Disaster Recovery Testing

Scenario: Validate DR plan before annual test.
@alex compare production topology with DR region topology
@alex identify resources missing from DR setup
Gaps found:
  • DR missing ElastiCache cluster
  • Lambda functions not replicated
  • S3 cross-region replication not enabled for 2 buckets
Fix before DR test: Avoid embarrassing failures.

New Engineer Onboarding

Scenario: New team member needs to understand the architecture.
@anna create topology overview of our e-commerce platform
@alex annotate topology with service responsibilities
Result: Interactive architecture diagram that new engineers can explore, click on resources to see details, and understand how services connect.

Kubernetes Service Mesh Debugging

Scenario: Intermittent 503 errors in production.
@kai map service mesh topology with current health status
@kai show request flow from ingress to failing service
Topology reveals:
  • Ingress → API Gateway → Order Service → Inventory Service
  • Inventory Service pod: CrashLoopBackOff
  • Root cause: OOMKilled due to memory leak

Root Cause Analysis (RCA) for Errors

Scenario: Application throwing “Connection refused” errors intermittently.
@alex trace error path from web-app through topology
@tony correlate database connection errors with topology dependencies
Topology-driven RCA:
  1. Web App → Load Balancer → API Server → Database
  2. API Server shows healthy
  3. Database connection pool: Exhausted ← Root cause
  4. Upstream cause: Slow query holding connections
Resolution: Optimize slow query, increase connection pool, add connection timeout.
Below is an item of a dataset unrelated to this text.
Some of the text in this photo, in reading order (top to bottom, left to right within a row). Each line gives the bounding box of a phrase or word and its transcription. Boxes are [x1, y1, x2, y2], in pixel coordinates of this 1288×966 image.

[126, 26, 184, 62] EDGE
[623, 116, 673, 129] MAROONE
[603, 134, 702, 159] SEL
Performance Degradation Analysis

Scenario: API response times increased from 200ms to 2 seconds.
@alex analyze performance bottlenecks using topology view
@tony overlay latency metrics on service topology
Topology with metrics overlay:
User → CloudFront (5ms) → ALB (3ms) → API (50ms) → RDS (1800ms) ← Bottleneck
                                    ↘ ElastiCache (2ms)
Findings:
  • Database latency spiked from 20ms to 1800ms
  • Missing index on new query pattern
  • Table scan on 50M rows
Fix: Add composite index, response time back to 200ms.
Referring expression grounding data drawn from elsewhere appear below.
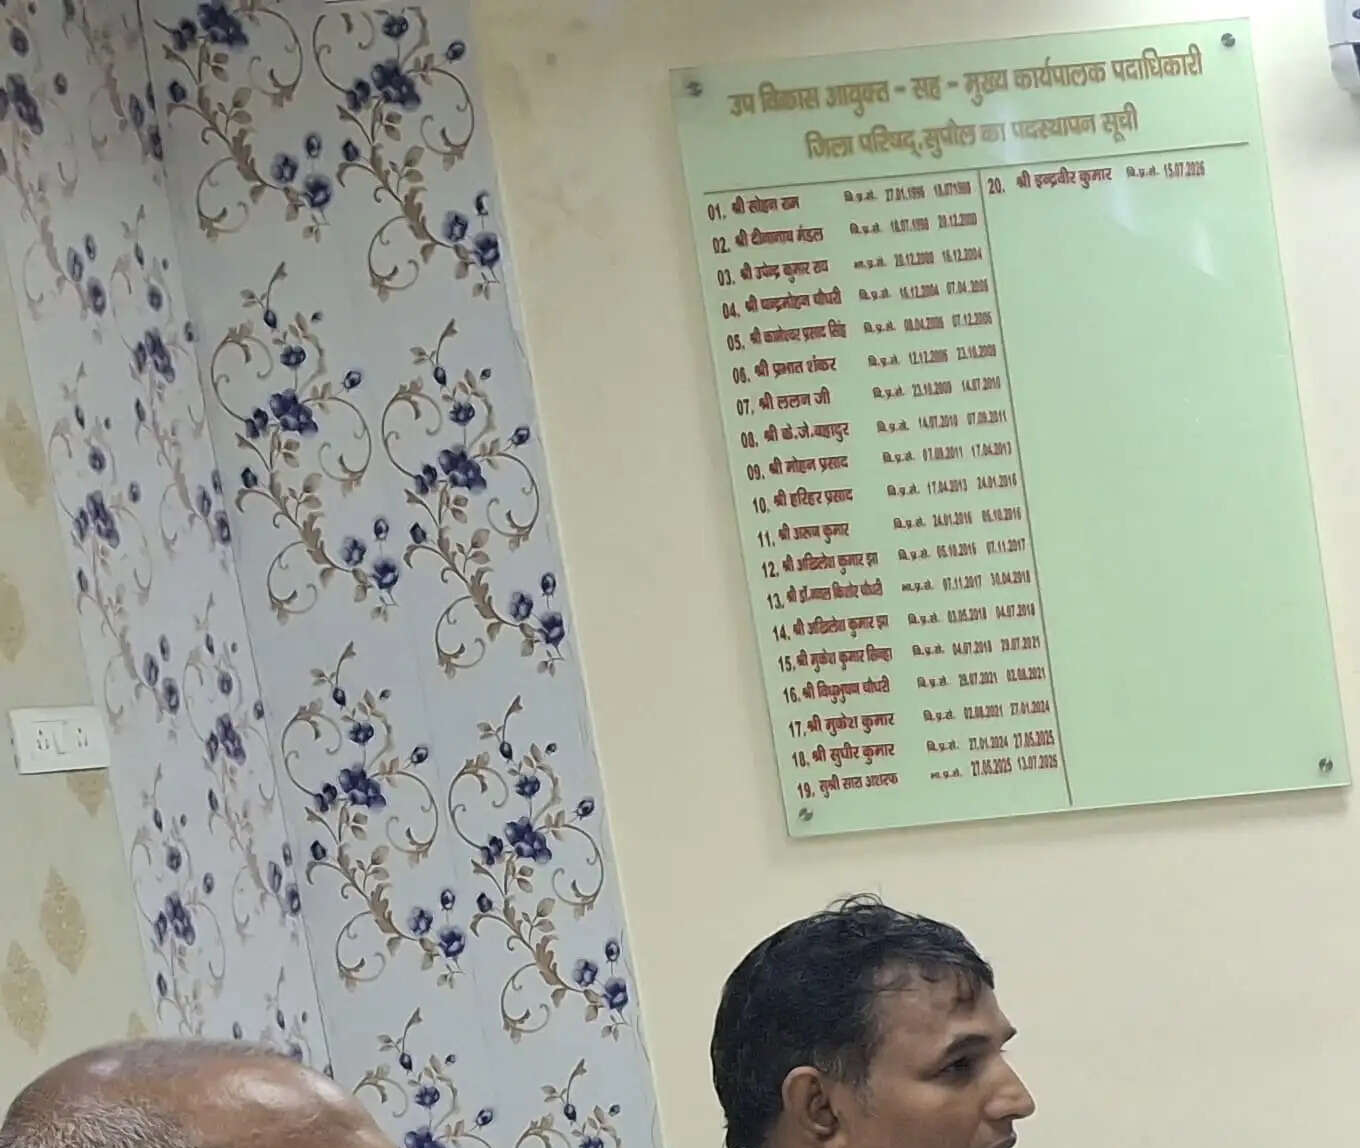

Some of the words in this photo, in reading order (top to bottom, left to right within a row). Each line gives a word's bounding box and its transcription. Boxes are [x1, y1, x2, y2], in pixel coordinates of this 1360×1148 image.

[727, 93, 756, 117] उप
[758, 81, 820, 113] विकास
[825, 80, 890, 117] आयुक्त
[909, 75, 941, 101] सह
[962, 69, 1009, 107] मुख्य
[1013, 56, 1107, 90] कार्यपालक
[1110, 43, 1203, 81] पदाधिकारी
[804, 130, 854, 159] जिला
[979, 123, 1006, 143] का
[1011, 113, 1097, 140] पदस्थापन
[1100, 101, 1139, 143] सूची
[987, 177, 1006, 195] 20.
[1016, 169, 1032, 189] श्री
[1077, 167, 1113, 190] कुमार
[707, 203, 727, 221] 01.
[731, 195, 746, 214] श्री
[712, 236, 731, 254] 02.
[734, 228, 748, 247] श्री
[717, 268, 736, 287] 03.
[739, 261, 753, 281] श्री
[782, 261, 811, 284] कुमार
[722, 302, 741, 320] 04.
[744, 294, 758, 313] श्री
[726, 333, 745, 352] 05.
[749, 326, 762, 345] श्री
[732, 366, 751, 385] 06.
[754, 358, 770, 377] श्री
[806, 354, 837, 373] शंकर
[736, 398, 754, 416] 07.
[758, 391, 775, 410] श्री
[776, 393, 811, 410] ललन
[813, 386, 831, 405] जी
[740, 431, 759, 449] 08.
[763, 423, 779, 442] श्री
[746, 463, 765, 481] 09.
[768, 456, 783, 475] श्री
[752, 496, 770, 514] 10.
[773, 488, 787, 507] श्री
[757, 531, 776, 548] 11.
[778, 522, 791, 541] श्री
[822, 522, 850, 545] कुमार
[761, 561, 780, 578] 12.
[782, 554, 795, 572] श्री
[837, 553, 865, 576] कुमार
[766, 592, 785, 610] 13.
[786, 584, 797, 603] श्री
[772, 624, 791, 641] 14.
[792, 617, 806, 636] श्री
[847, 615, 875, 638] कुमार
[778, 655, 796, 673] 15.
[796, 648, 809, 666] श्री
[838, 649, 865, 671] कुमार
[783, 686, 801, 704] 16.
[802, 681, 816, 699] श्री
[788, 720, 807, 738] 17.
[806, 713, 822, 732] श्री
[824, 712, 859, 737] मुकेश
[861, 712, 895, 735] कुमार
[791, 750, 810, 768] 18.
[812, 744, 827, 762] श्री
[829, 741, 860, 768] सुधीर
[862, 743, 895, 766] कुमार
[797, 782, 815, 799] 19.
Cascading Failure Investigation

Scenario: Multiple services failing simultaneously.
@anna map failure propagation across topology
@alex identify the origin point of cascading failures
Topology timeline:
  1. T+0: Redis cluster failover triggered
  2. T+5s: Session service lost cache → returning errors
  3. T+10s: Auth service failing → can’t validate tokens
  4. T+15s: All downstream services rejecting requests
Root cause: Redis cluster hit memory limit, triggered unexpected failover. Prevention: Add memory alerts, implement circuit breakers, cache fallbacks.

Memory Leak Detection

Scenario: Service restarts every few hours in production.
@kai correlate pod restarts with resource topology
@alex show memory trends for services in the request path
Topology + metrics:
  • Order Service: Memory growing 50MB/hour
  • Connected to: Message Queue, Database, Cache
  • Leak source: Unclosed database connections after queue processing
Resolution: Fix connection cleanup in queue consumer, add connection pool monitoring.
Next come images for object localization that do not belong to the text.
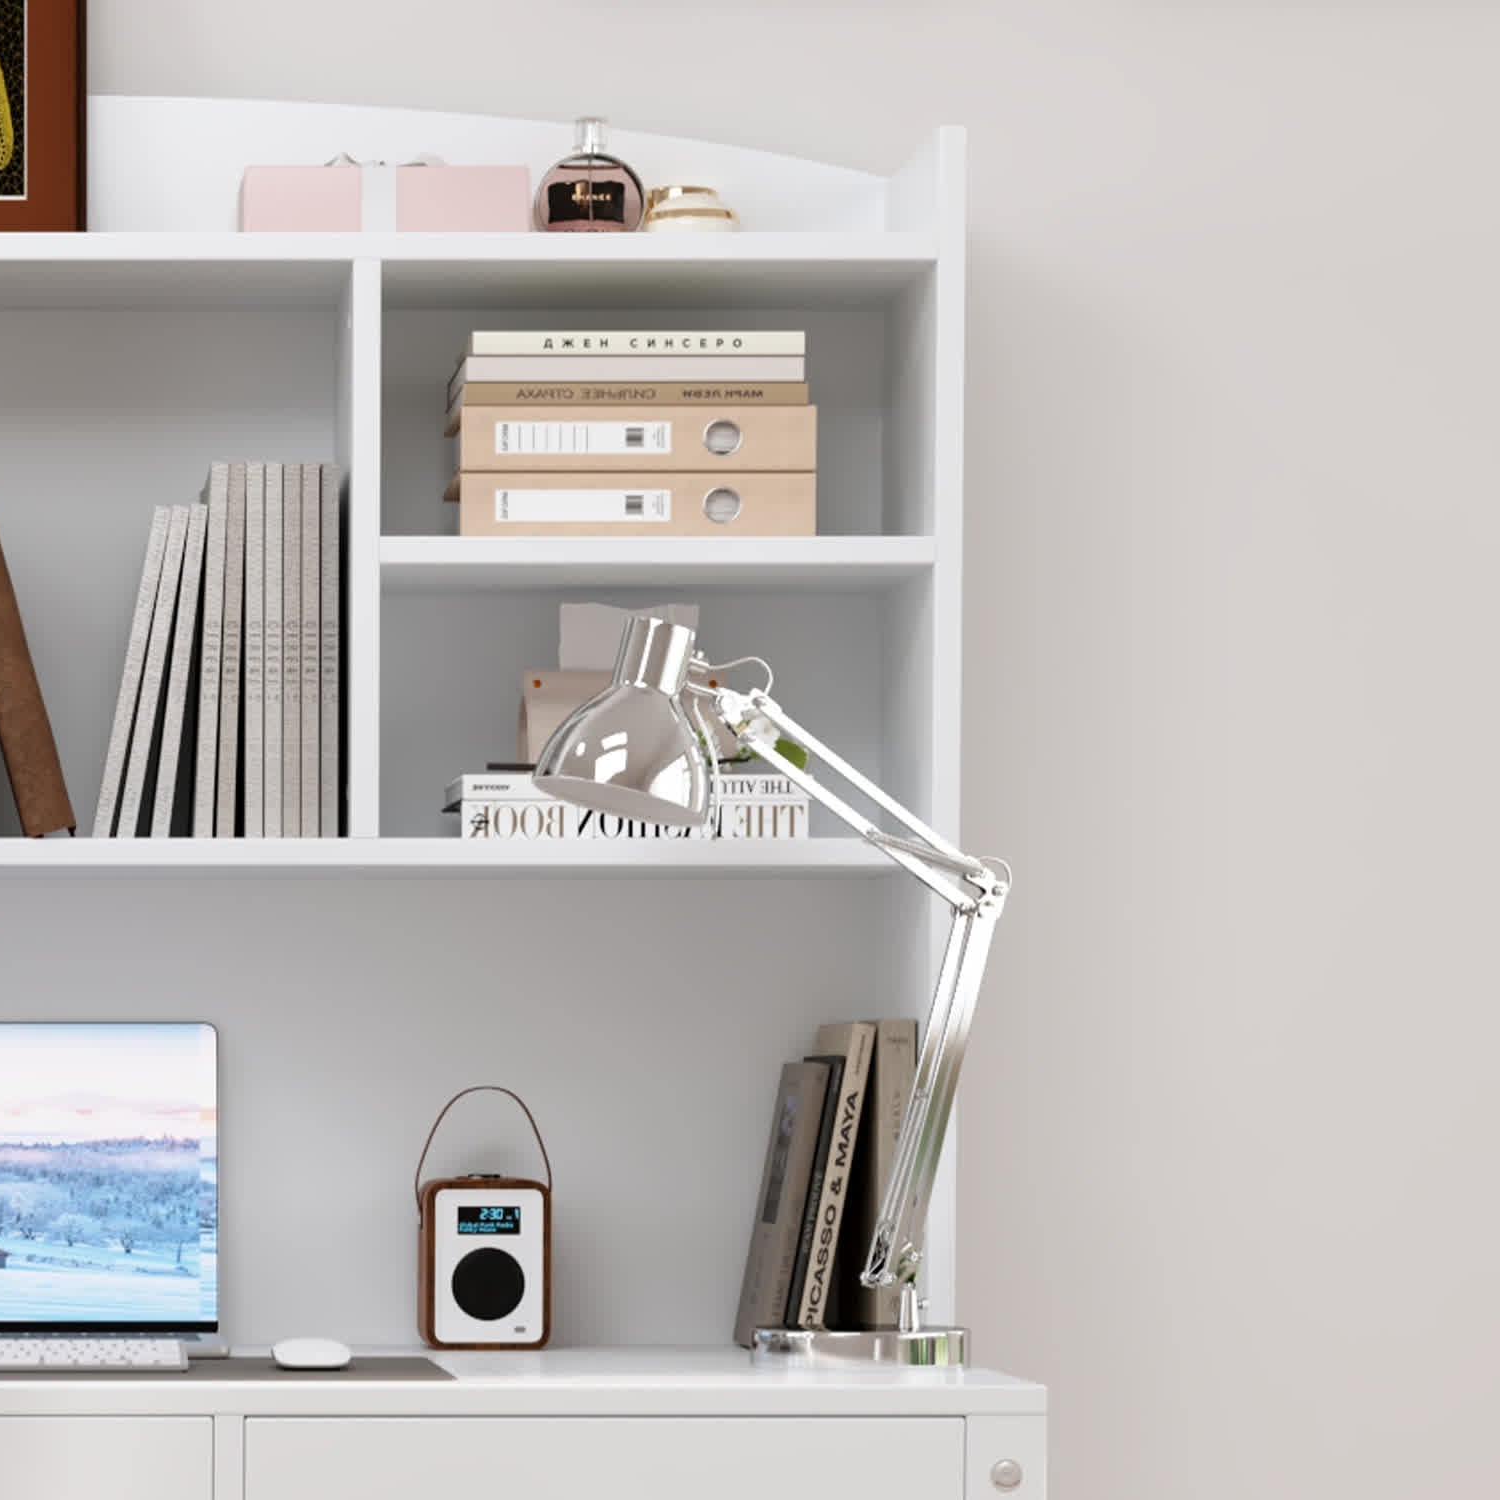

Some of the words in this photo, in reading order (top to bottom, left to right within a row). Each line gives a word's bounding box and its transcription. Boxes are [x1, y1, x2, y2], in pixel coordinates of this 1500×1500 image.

[543, 338, 609, 350] ДЖЕН
[629, 338, 743, 349] СИНСЕРО
[760, 780, 792, 794] THE
[836, 1091, 859, 1168] MAYA
[832, 1177, 842, 1196] &
[805, 1204, 837, 1330] PICASSO
Network Latency Troubleshooting

Scenario: Cross-service calls timing out randomly.
@alex map network topology with latency annotations
@kai identify network bottlenecks between services
Topology reveals:
  • Services in different availability zones
  • NAT Gateway: Throughput limit reached
  • Cross-AZ traffic: 2ms → 200ms during peak
Solution: Co-locate dependent services, add NAT Gateway capacity.

Database Connection Issues

Scenario: “Too many connections” errors during peak traffic.
@tony map all services connecting to production database
@alex show connection counts per service in topology
Topology with connection metrics:
┌─────────────────────────────────────────┐
│            RDS PostgreSQL               │
│         Max connections: 500            │
│         Current: 487 (97%)              │
└─────────────────────────────────────────┘
     ↑           ↑           ↑
  API (200)  Worker (250)  Cron (37)
Issue: Worker service connection pool too large. Fix: Right-size connection pools per service based on actual need.